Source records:
+++

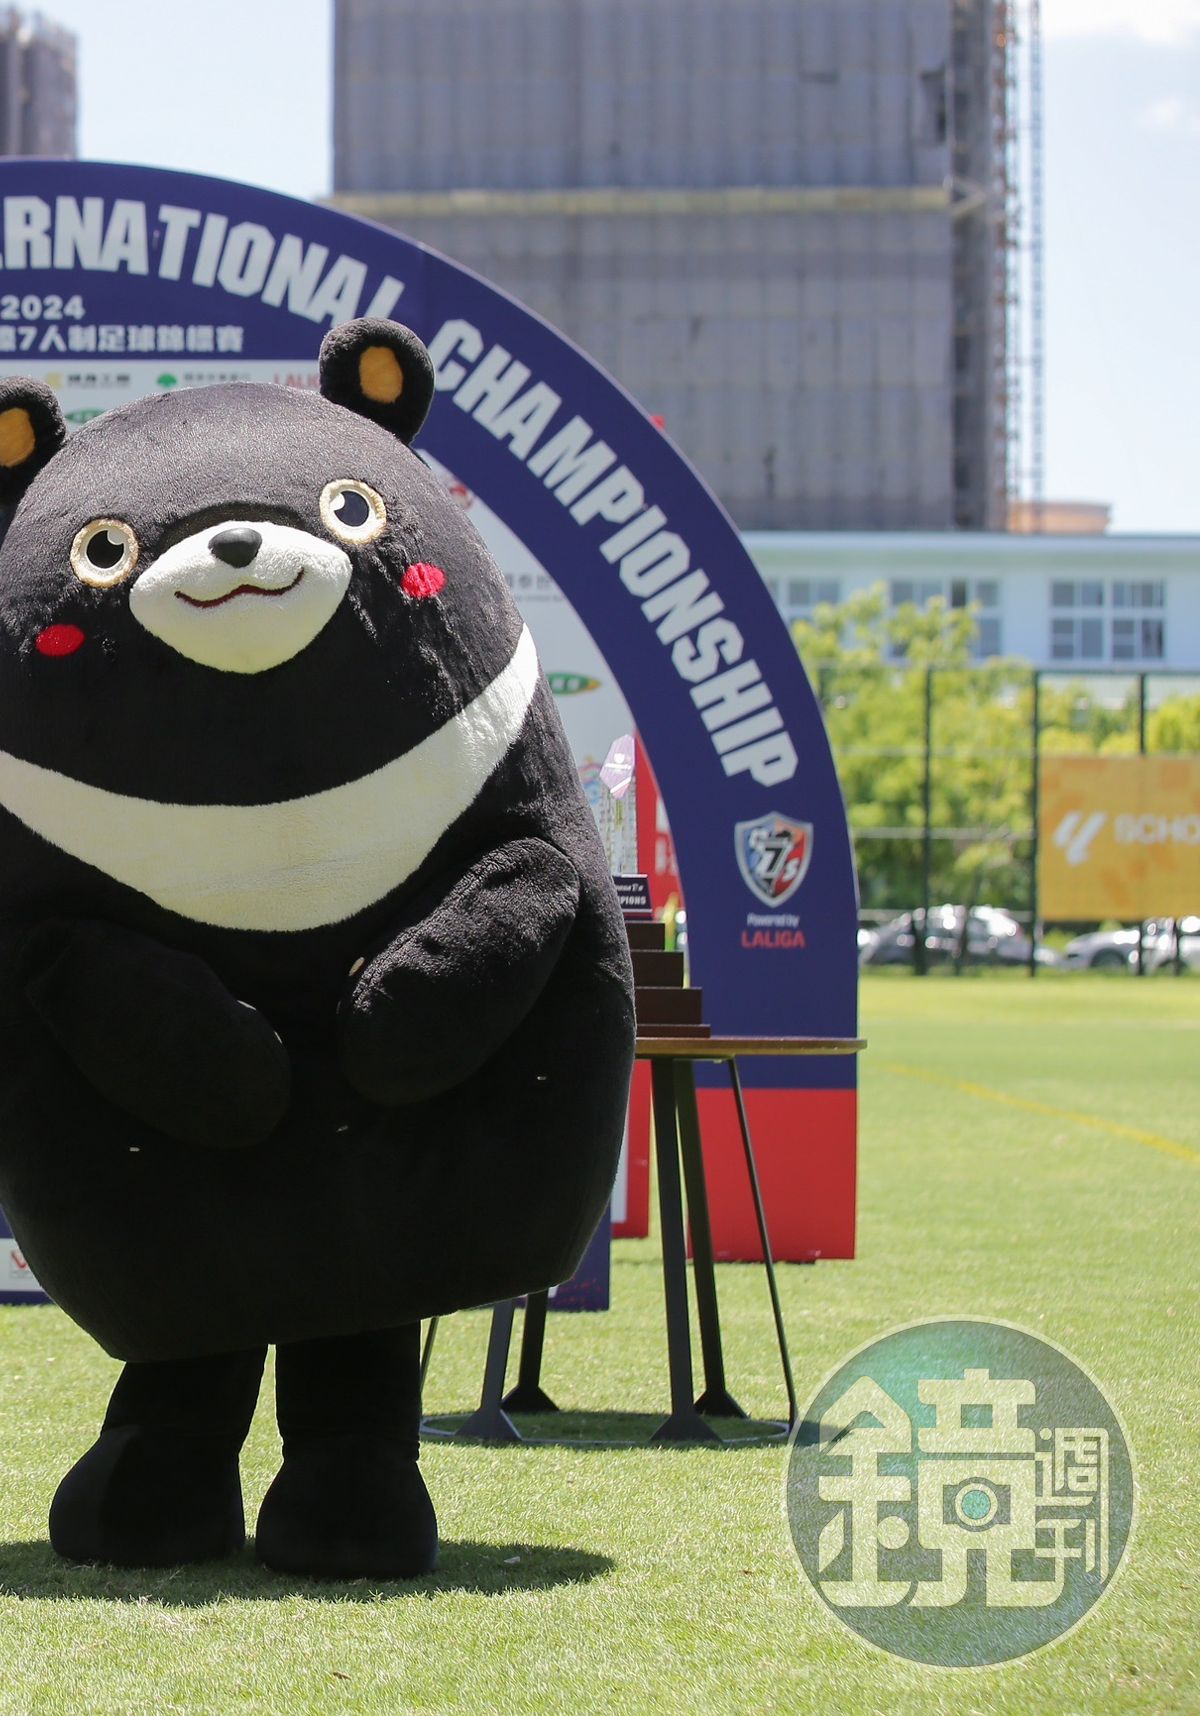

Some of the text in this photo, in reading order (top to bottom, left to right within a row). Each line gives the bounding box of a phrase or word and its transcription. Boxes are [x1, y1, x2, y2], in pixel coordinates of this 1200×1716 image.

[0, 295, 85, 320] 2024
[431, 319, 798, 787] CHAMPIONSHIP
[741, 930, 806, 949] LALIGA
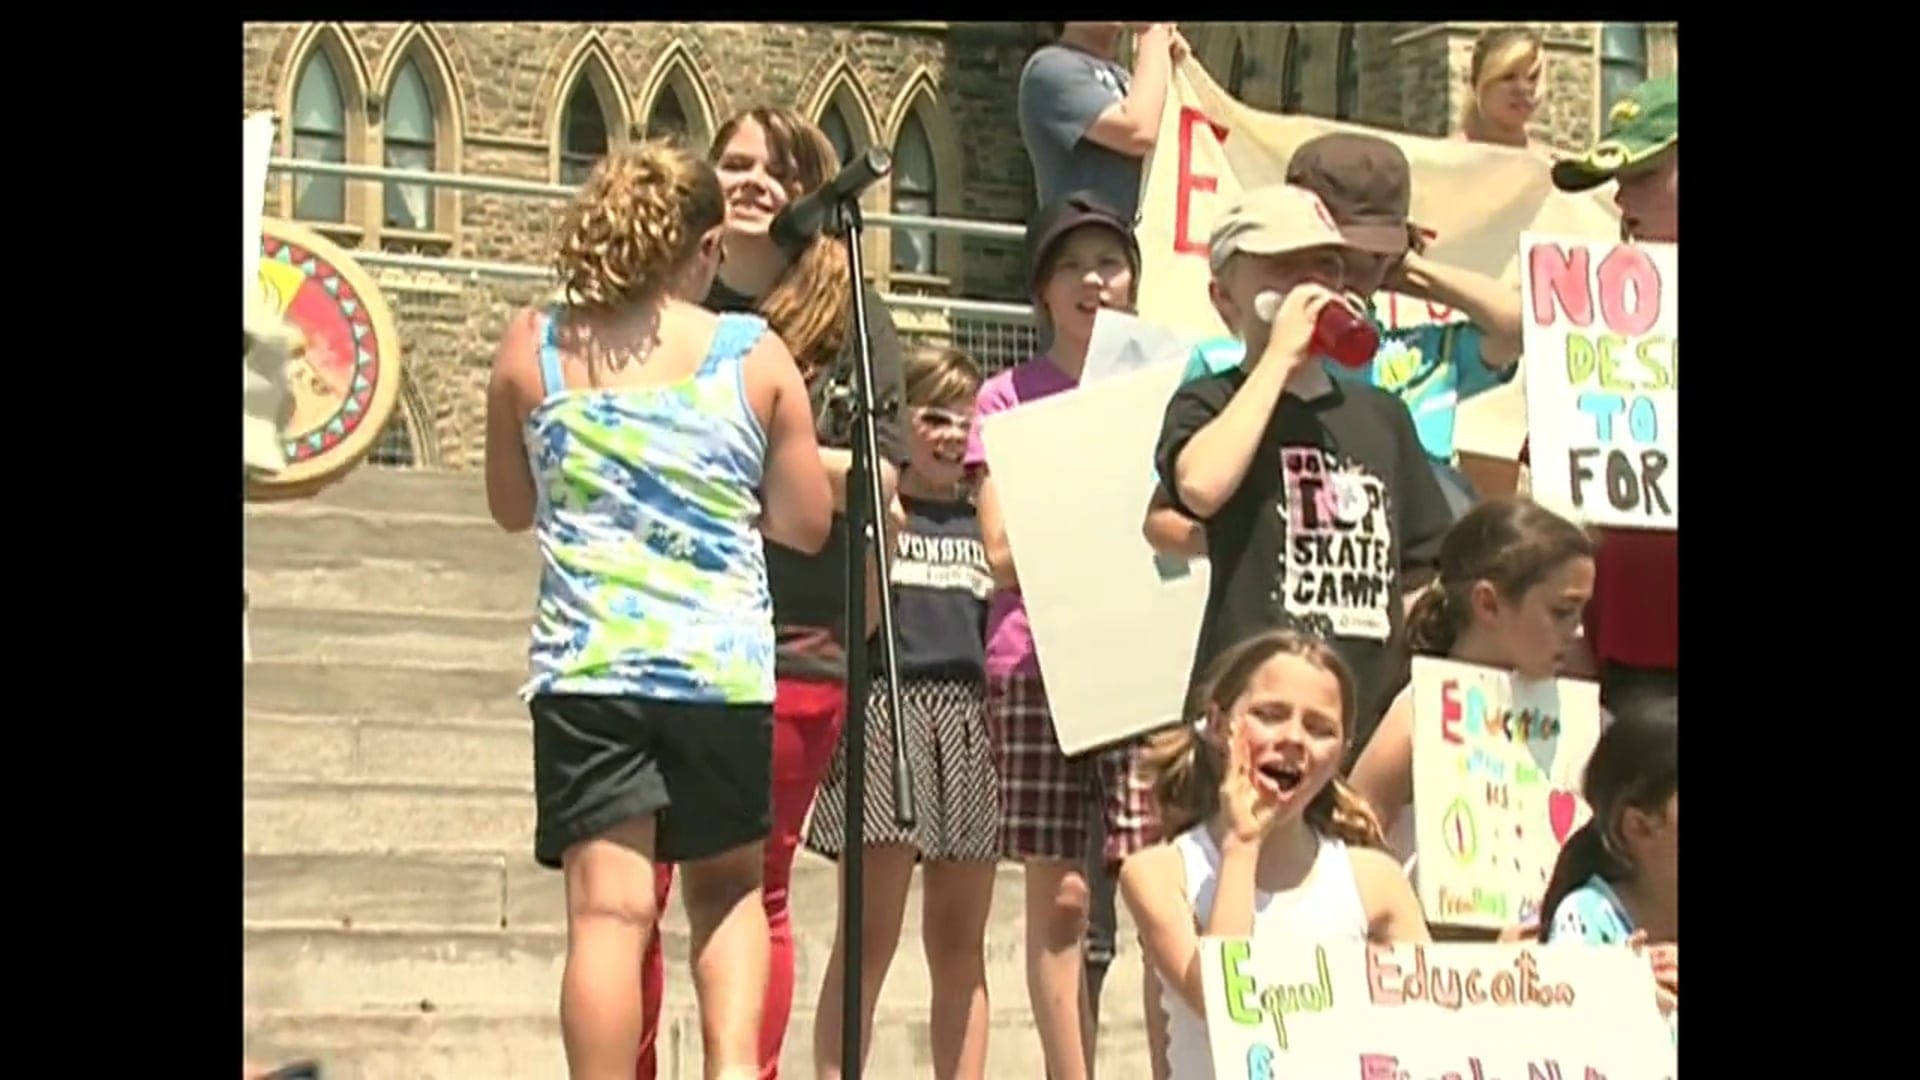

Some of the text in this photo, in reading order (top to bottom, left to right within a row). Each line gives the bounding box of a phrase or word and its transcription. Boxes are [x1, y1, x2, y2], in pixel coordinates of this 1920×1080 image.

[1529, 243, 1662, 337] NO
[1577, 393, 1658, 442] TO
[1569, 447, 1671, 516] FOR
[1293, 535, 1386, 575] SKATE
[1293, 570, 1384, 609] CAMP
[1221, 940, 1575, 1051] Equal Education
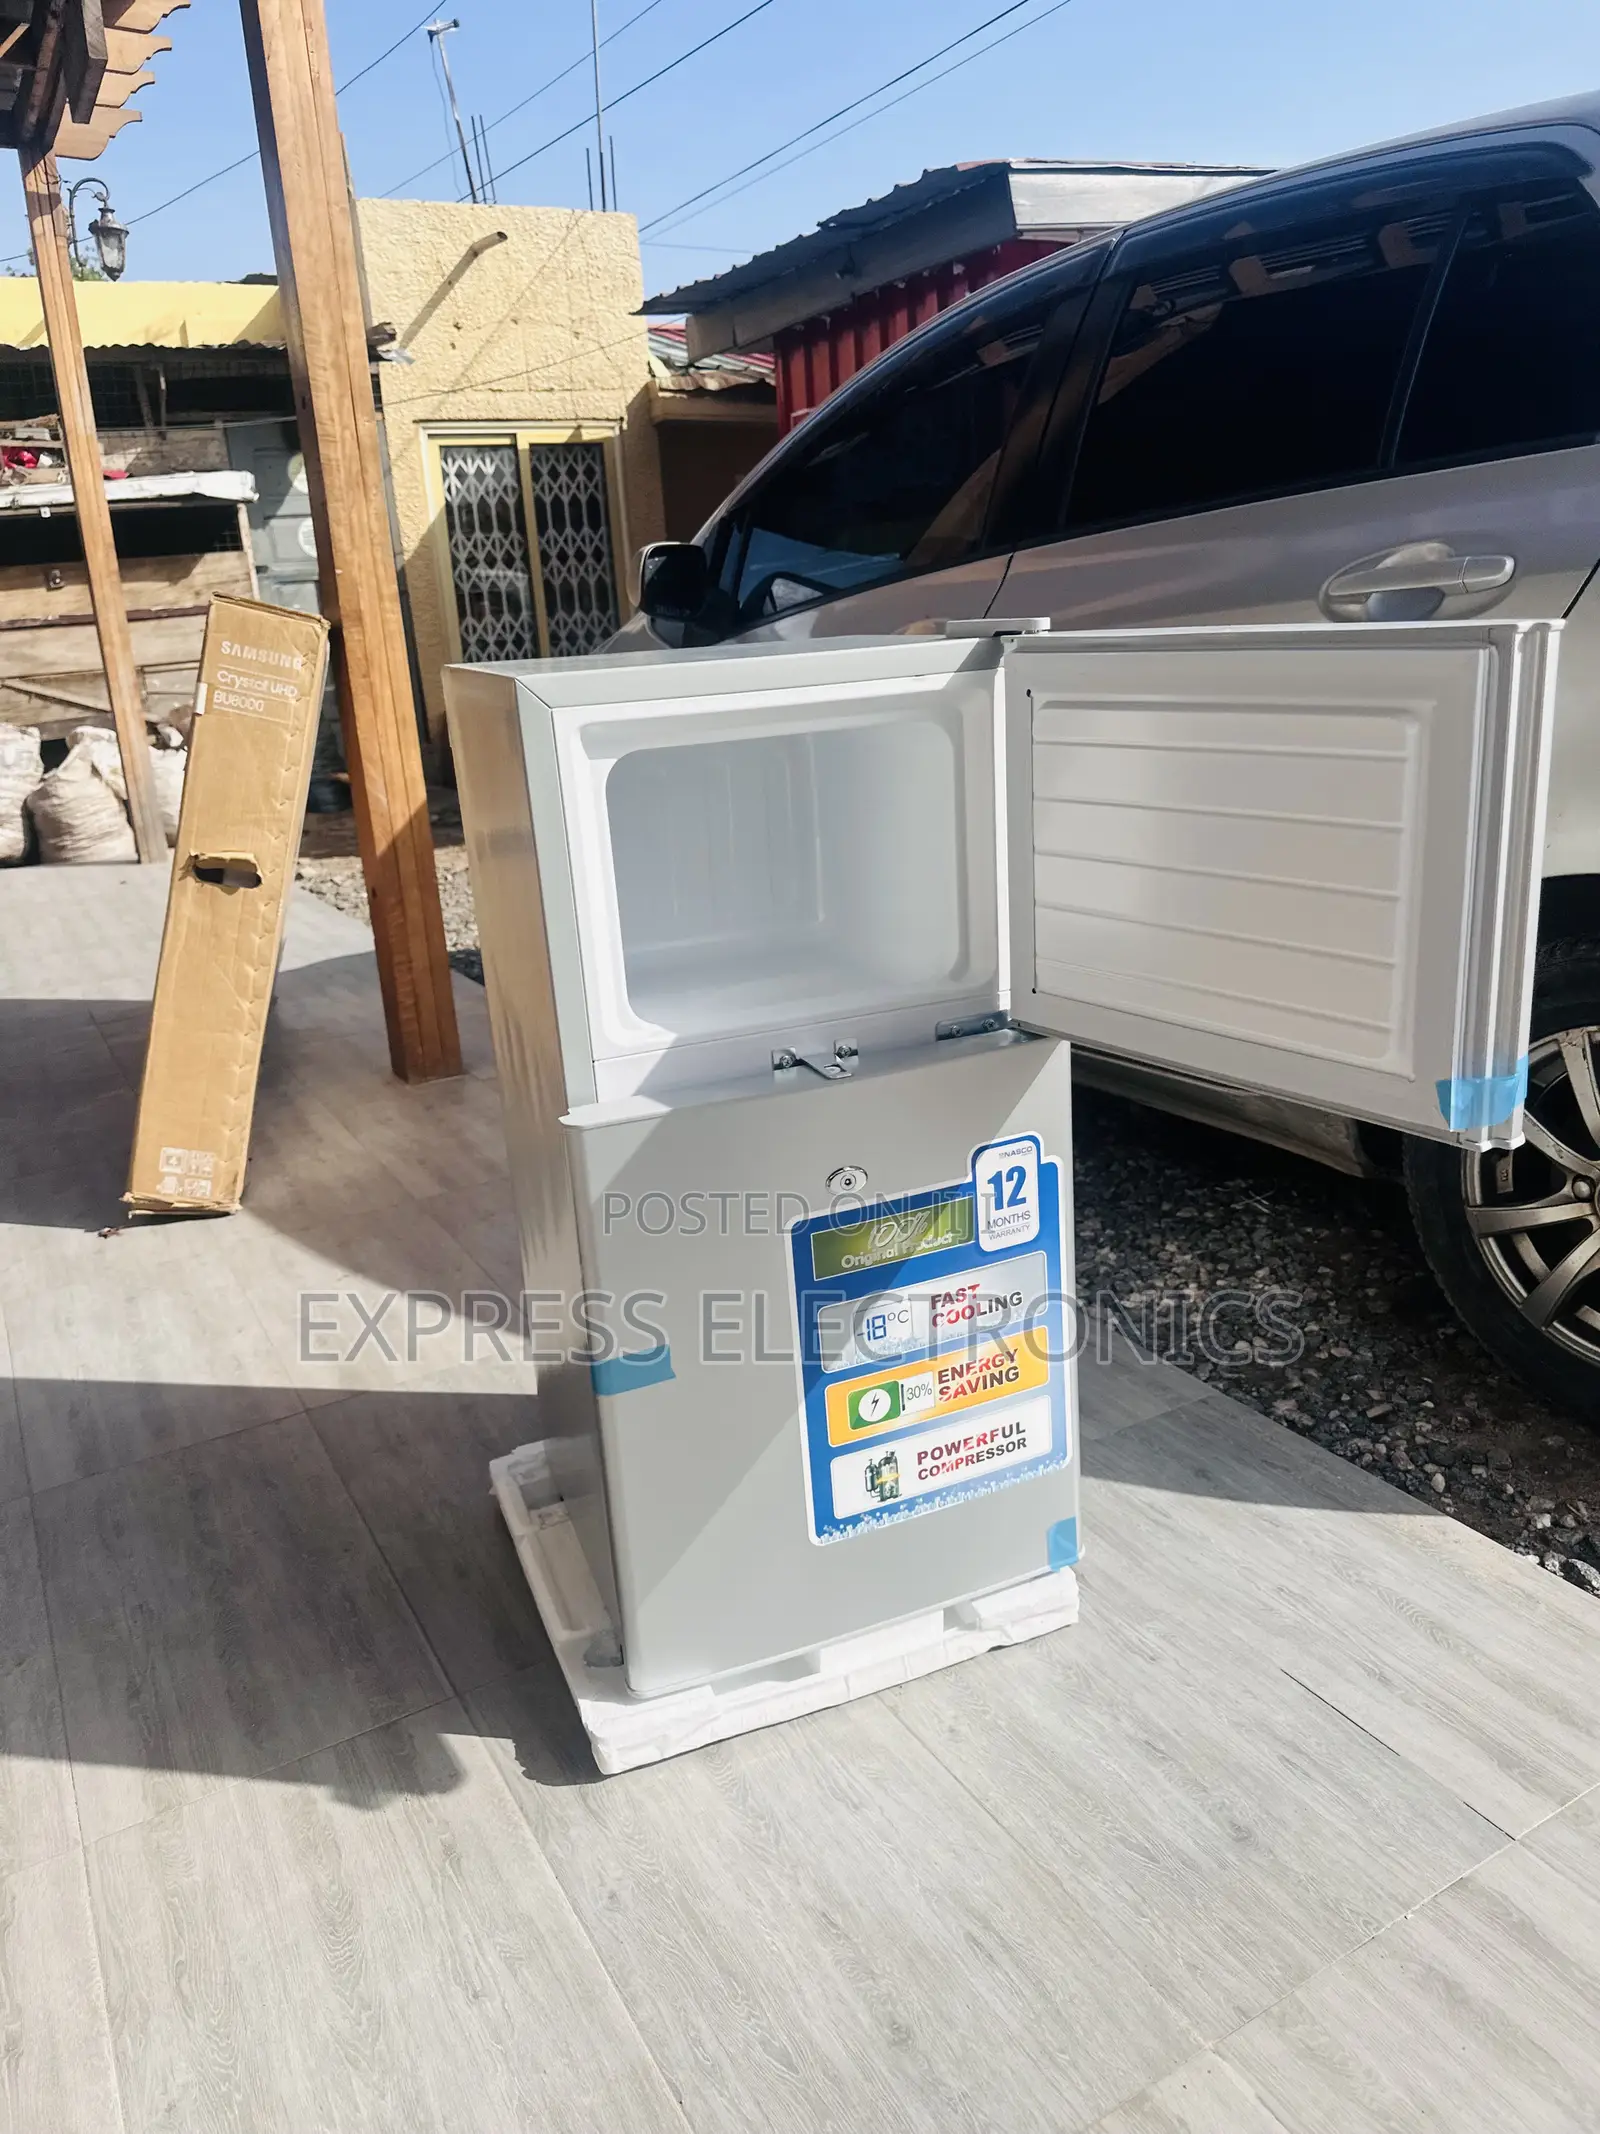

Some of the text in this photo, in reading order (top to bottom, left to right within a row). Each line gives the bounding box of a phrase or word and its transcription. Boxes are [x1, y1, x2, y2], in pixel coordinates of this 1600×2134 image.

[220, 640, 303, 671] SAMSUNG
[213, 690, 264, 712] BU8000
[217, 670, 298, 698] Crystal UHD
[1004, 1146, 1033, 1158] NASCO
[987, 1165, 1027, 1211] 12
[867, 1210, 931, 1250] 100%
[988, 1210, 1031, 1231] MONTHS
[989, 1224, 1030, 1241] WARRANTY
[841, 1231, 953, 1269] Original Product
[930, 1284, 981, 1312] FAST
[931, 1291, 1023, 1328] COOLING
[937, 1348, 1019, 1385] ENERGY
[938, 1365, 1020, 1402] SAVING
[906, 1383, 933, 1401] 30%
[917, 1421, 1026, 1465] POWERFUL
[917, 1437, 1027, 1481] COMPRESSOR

+++

THE PROBLEM:
Repeat each entry exactly as given; no pictures belong in the copy.

ANSWER TO THIS TASK:
Some of the text in this photo, in reading order (top to bottom, left to right within a row). Each line gives the bounding box of a phrase or word and its transcription. Boxes are [x1, y1, x2, y2], in pixel coordinates of this 1200×1716 image.

[0, 295, 85, 320] 2024
[431, 319, 798, 787] CHAMPIONSHIP
[741, 930, 806, 949] LALIGA

Some of the text in this photo, in reading order (top to bottom, left to right within a row). Each line gives the bounding box of a phrase or word and its transcription. Boxes are [x1, y1, x2, y2], in pixel coordinates of this 1920×1080 image.

[1529, 243, 1662, 337] NO
[1577, 393, 1658, 442] TO
[1569, 447, 1671, 516] FOR
[1293, 535, 1386, 575] SKATE
[1293, 570, 1384, 609] CAMP
[1221, 940, 1575, 1051] Equal Education

Some of the text in this photo, in reading order (top to bottom, left to right within a row). Each line gives the bounding box of a phrase or word and its transcription. Boxes are [x1, y1, x2, y2], in pixel coordinates of this 1600×2134 image.

[220, 640, 303, 671] SAMSUNG
[213, 690, 264, 712] BU8000
[217, 670, 298, 698] Crystal UHD
[1004, 1146, 1033, 1158] NASCO
[987, 1165, 1027, 1211] 12
[867, 1210, 931, 1250] 100%
[988, 1210, 1031, 1231] MONTHS
[989, 1224, 1030, 1241] WARRANTY
[841, 1231, 953, 1269] Original Product
[930, 1284, 981, 1312] FAST
[931, 1291, 1023, 1328] COOLING
[937, 1348, 1019, 1385] ENERGY
[938, 1365, 1020, 1402] SAVING
[906, 1383, 933, 1401] 30%
[917, 1421, 1026, 1465] POWERFUL
[917, 1437, 1027, 1481] COMPRESSOR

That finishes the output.